Friday, February 29, 2008

Wintery Vignettes from Camp

Tonight camp is all abustle and aflutter, because it's the last big retreat of the winter season. In order to mark this Leap Year retreat with something a little special, we all noticed a minor snow storm on the radar when we checked the weather this morning. Nothing huge, just a half a foot of powdery, blowy snow, to slick up the tubing run and give our 340 campers something to do outdoors.

Several hours ago the big Coke delivery truck came to drop off flats and flats of soda, to fill the machines for hundreds of thirsty campers. On their way out of camp, just past our house which sits at the far back border of camp property, they rolled down the dirt road, down a steep hill which immediately swoops upward again before meeting the paved road. Somewhere between going down and going up, they got stuck. For hours and hours I have listened to heavy equipment rumble past my little house, as camp maintenance workers tried to drag them out of the gully in time for the departing school group to leave on their yellow school buses. Oh, did I neglect to mention that we had a small group of fifty here for the last two days, and on the heels of their departure, this large group of youth were incoming?

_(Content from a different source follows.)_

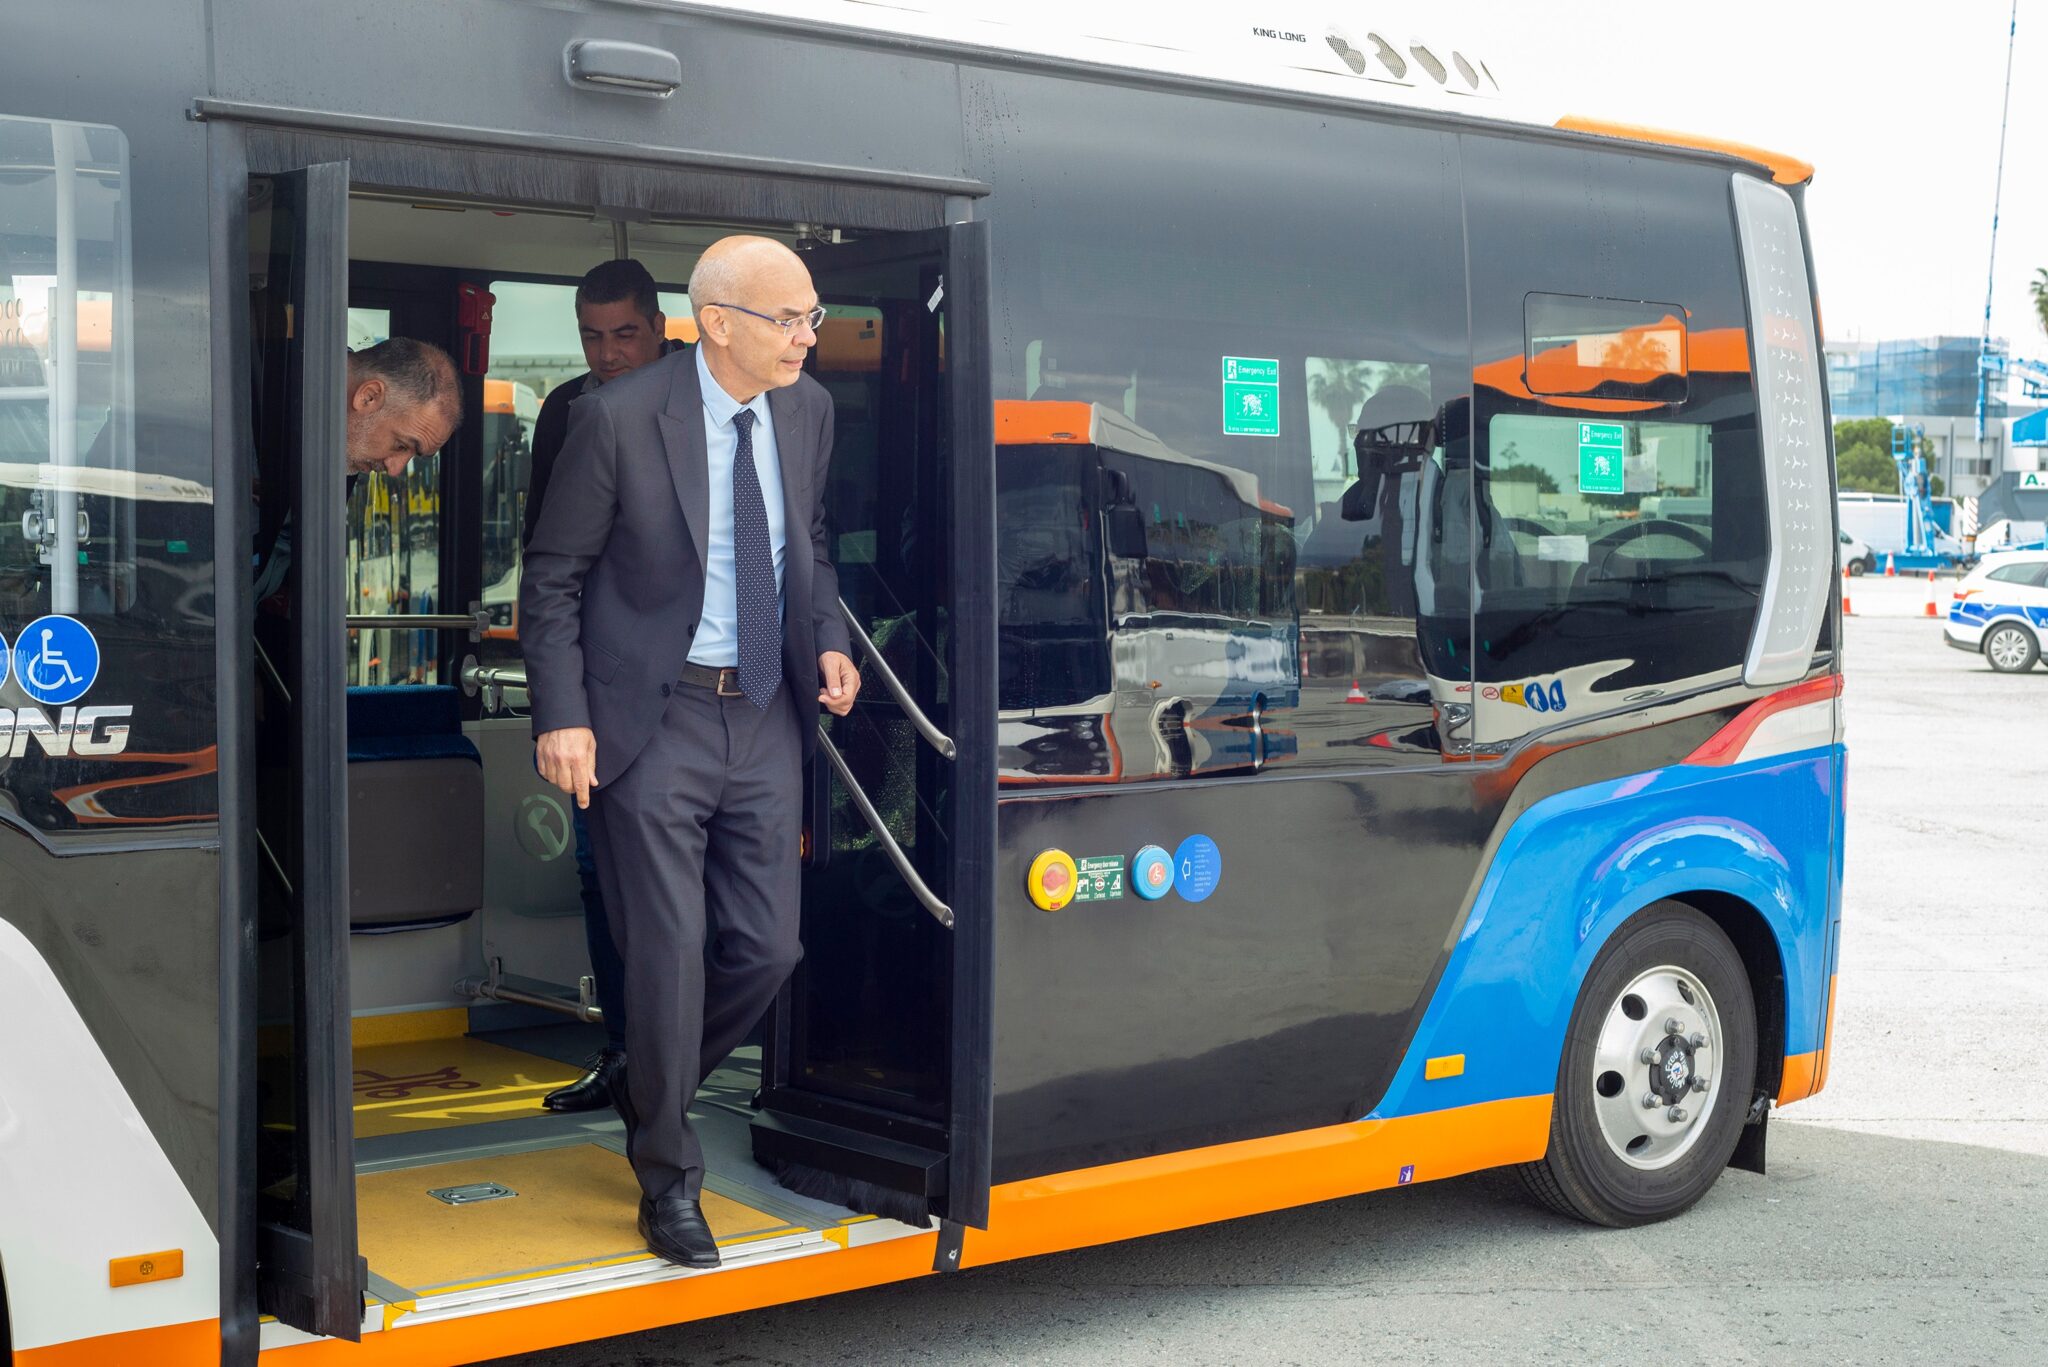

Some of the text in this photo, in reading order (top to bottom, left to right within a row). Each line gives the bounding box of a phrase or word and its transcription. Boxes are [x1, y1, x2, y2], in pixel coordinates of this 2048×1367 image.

[1253, 27, 1306, 43] KING LONG
[1238, 365, 1265, 377] Emergency
[0, 705, 133, 758] NG

At some point, the Coke truck's very own tow truck came to drag them out, and the yellow school bus was given the green light to try and make it by, heading for home a bit later than expected. Within the last hour, I heard youthful voices passing my house in the dark, as the passengers of the school bus, now apparently stranded in the gully as well, trooped back up the road toward camp. I hear rumors that the Coke truck is jammed for the night, and possibly the bus as well. The school group will get to enjoy another night of our hospitality...possibly bunking in the gym for lack of any other space. Hubby will be cooking breakfast for an extra fifty in the morning. Meanwhile, buses loaded with the anticipated 340 are fast approaching the blocked up gully, and we are wondering if they will make it past the stranded vehicles. If not, they will have to shuttle and escort all those teens, and backpacks, and sleeping bags a very long way over snowy hill and dale.

Dearest husband is in the shower, getting ready to hit the hay. Tonight the chaos does not belong to him, but he knows that tomorrow it will. Cooking 1200 meals in a day is enough to spank anyone, as he says.